Dari berbagai pertemuan dalam rangka membahas carut marut RUU HIP dari wilayah Sabang hingga Merauke, termasuk yang terbaru dilakukan oleh komunitas PKAD Jawa Barat, Gresik, Yuk Ngopi Tuban, dapat diperoleh konklusi sebagai berikut:
Pertama:
RUU HIP tidak layak menjadi UU jika ditinjau dari kualitas Naskah akademis maupun kebenaran substansinya. Adanya distorsi teks dan konteks Pancasila telah membuktikan bahwa ada hidden agenda dibalik penyusunan RUU HIP ini.
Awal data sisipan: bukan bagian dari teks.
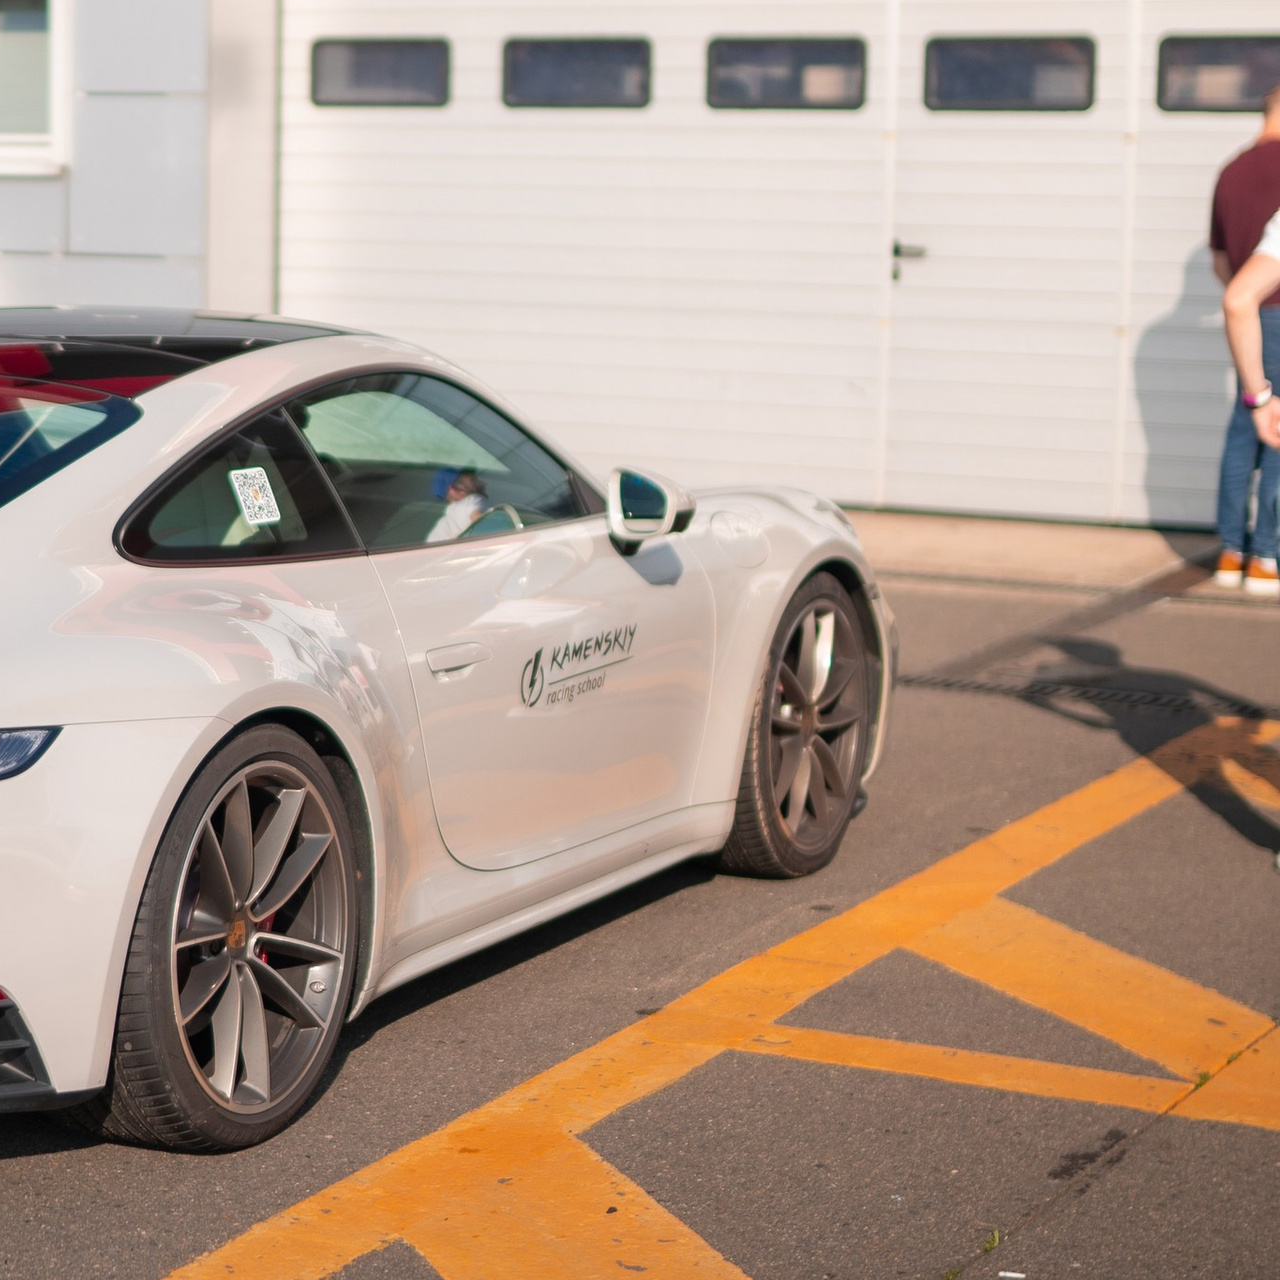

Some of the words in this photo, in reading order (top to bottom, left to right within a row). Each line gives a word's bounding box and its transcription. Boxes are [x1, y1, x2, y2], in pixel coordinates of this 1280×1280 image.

[550, 622, 637, 671] KAMENSKIY
[546, 683, 575, 706] racing
[577, 671, 606, 695] school
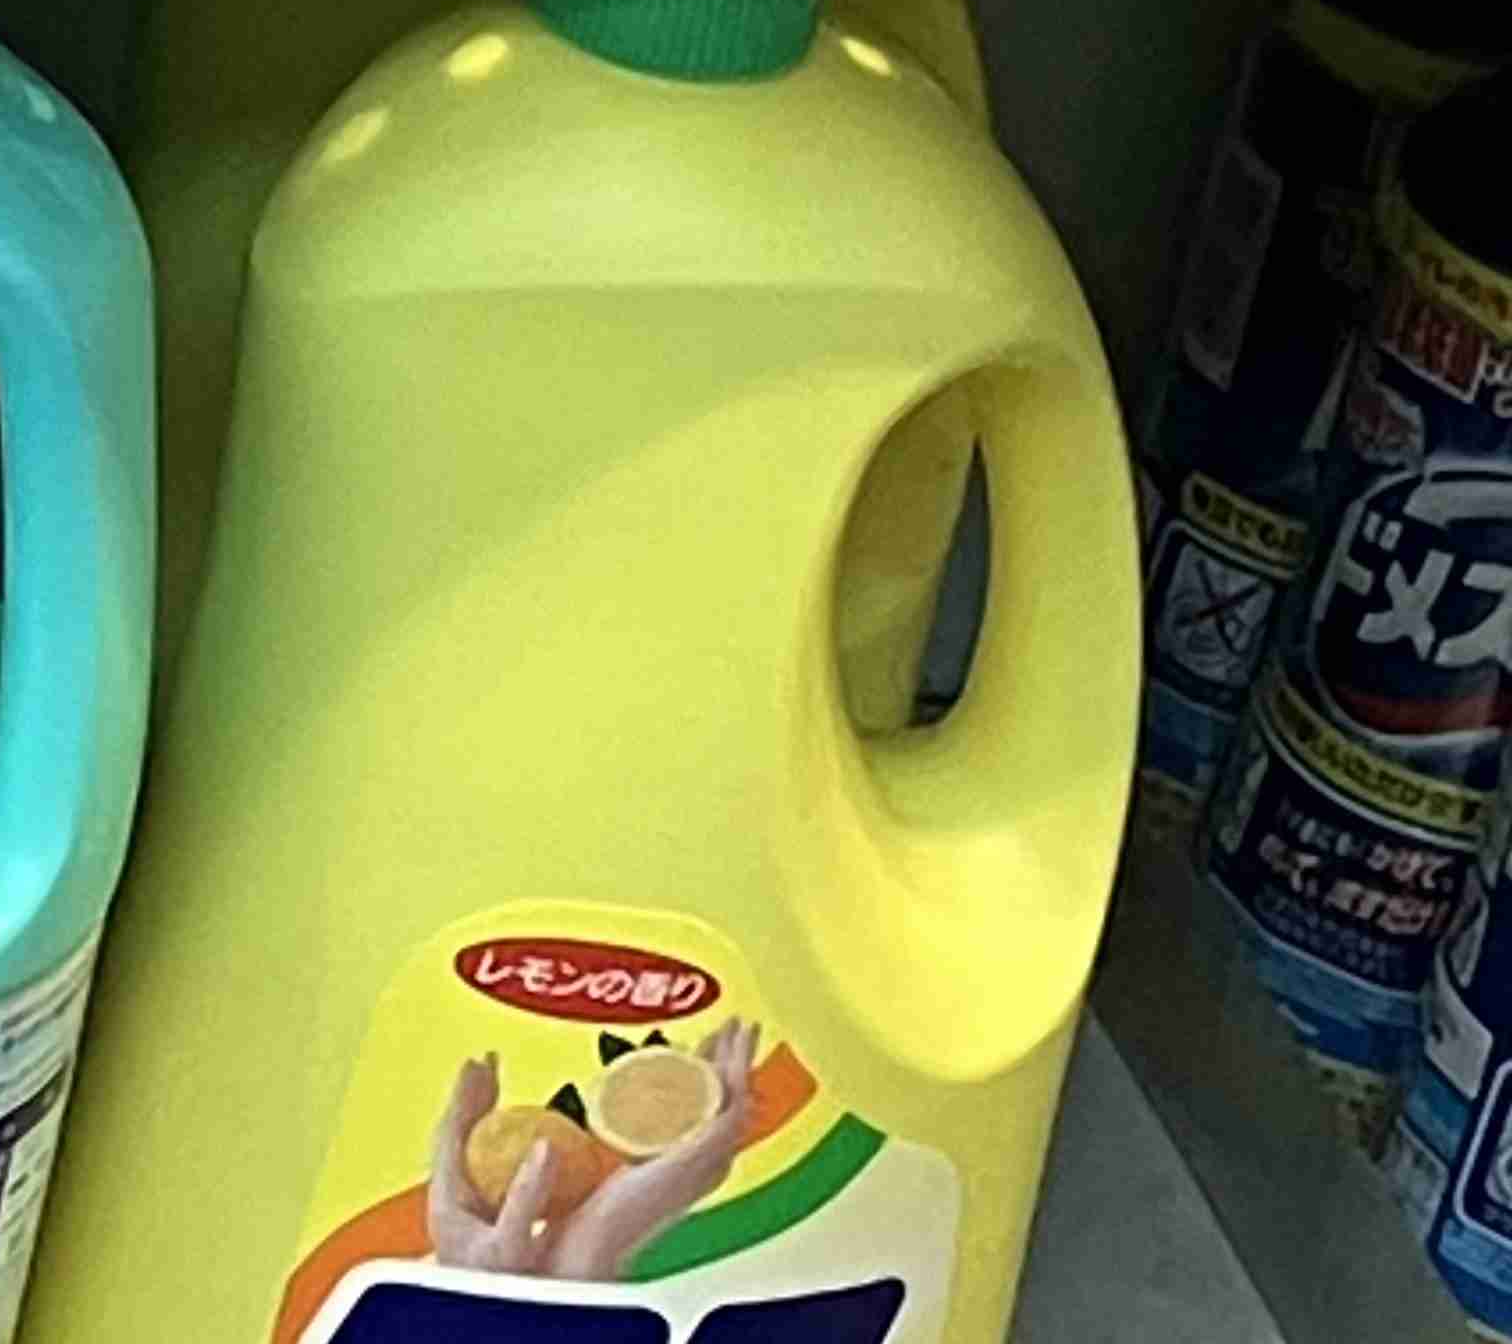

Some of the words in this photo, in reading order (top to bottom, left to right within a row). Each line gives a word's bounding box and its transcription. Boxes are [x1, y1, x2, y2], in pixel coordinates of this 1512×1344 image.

[475, 951, 708, 1010] レモンの香り
Kecurigaan ini penting mengingat bahaya latent ideologi komunis tidak pernah lenyap. Menyusup segala lini arteri kehidupan anak bangsa. Dying-nya akan manifest jika ruang gerak serta situasi dan kondisi siap aksi. Bahkan, dalam penyusunan RUU HIP juga terdapat indikasi kuat adanya perencanaan makar ideologi sebagaimana diatur dalam UU No. 27 Tahun 1999 jo Pasal 107 KUHP.
Kedua:
Tidak ada urgensi membentuk UU HIP mengingat kita sudah memiliki perundang-undangan terkait PERTAHANAN idelogi PANCASILA, yaitu:
(1) Dekrit Presiden 5 Juli 1959: Kembali UUD 45 sbg PENAFSIRAN OTENTIK Pancasila Dasar Negara.
(2) Tap MPRS No. XXV 1966: Pembubaran PKI dan Larangan Ideologi Komunis, Marxisme-Leninismem
(3) UU No. 27 Tahun 1999 jo Pasal 107 abcdef KUHP: Makar Dasar Negara.
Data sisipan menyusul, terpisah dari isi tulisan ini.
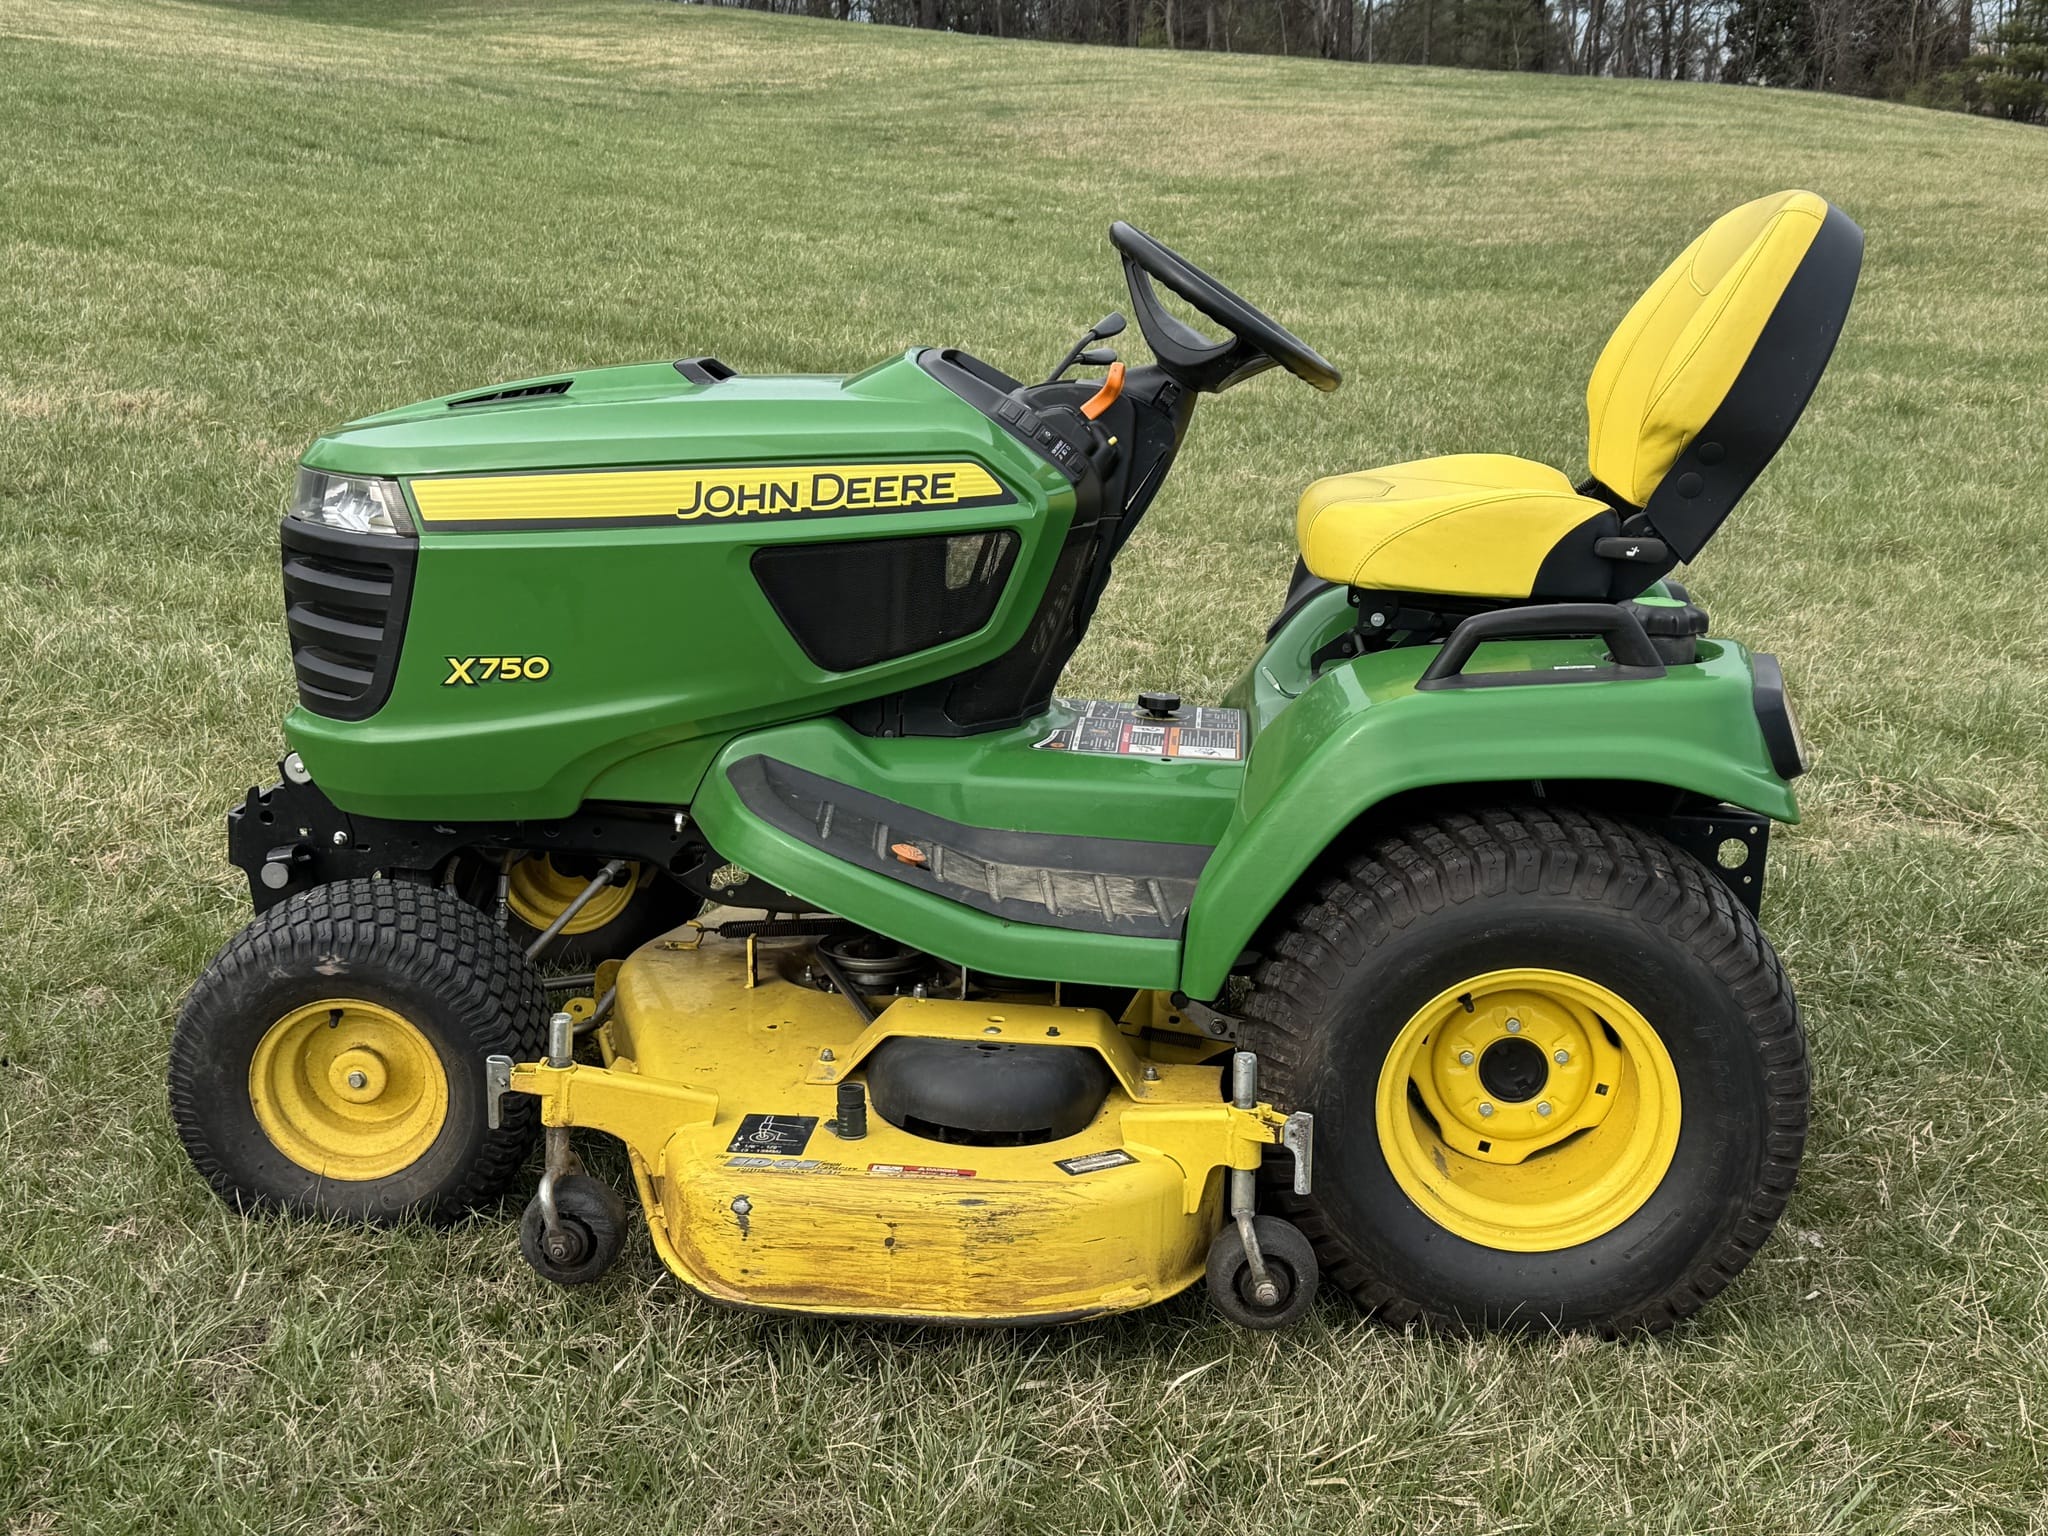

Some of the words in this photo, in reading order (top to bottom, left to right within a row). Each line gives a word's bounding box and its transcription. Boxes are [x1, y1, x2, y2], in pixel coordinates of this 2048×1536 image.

[677, 481, 799, 515] JOHN
[811, 472, 956, 507] DEERE
[443, 656, 550, 685] X750
(4) Tap MPR No. VI 2001: Etika Kehidupan Berbangsa.
Semua peraturan perundang-undangan tsb sanggup membentengi Pancasila Dasar Negara. Jadi tidak perlu ada UU HIP.
Ketiga:
Seandainya pun karena kritik masyarakat lalu Tap MPRS XXV 1966 ini dimasukkan ke dalam konsiderans RUU HIP dan persoalan Trisila dan Ekasila ditiadakan, BUKAN berarti selesai masalah. Inti masalahnya adalah RUU HIP telah MEN-DOWN GRADE PANCASILA sebagai Falsafah Dasar Negara dan Norma Dasar Negara (Grundnorm) menjadi Norma Hukum Positif (instrumental) yang dapat dipakai sebagai ALAT GEBUK terhadap pihak yang berseberangan dengan rezim penguasa.
Keempat:
Atas dasar pertimbangan hukum tersebut maka saya merekomendasikan agar:
(1) RUU HIP ditolak dan dibatalkan tanpa reserve.
(2) Usut dugaan perencanaan makar terhadap Dasar Negara/ideologi dengan Membentuk Tim Pencari Fakta.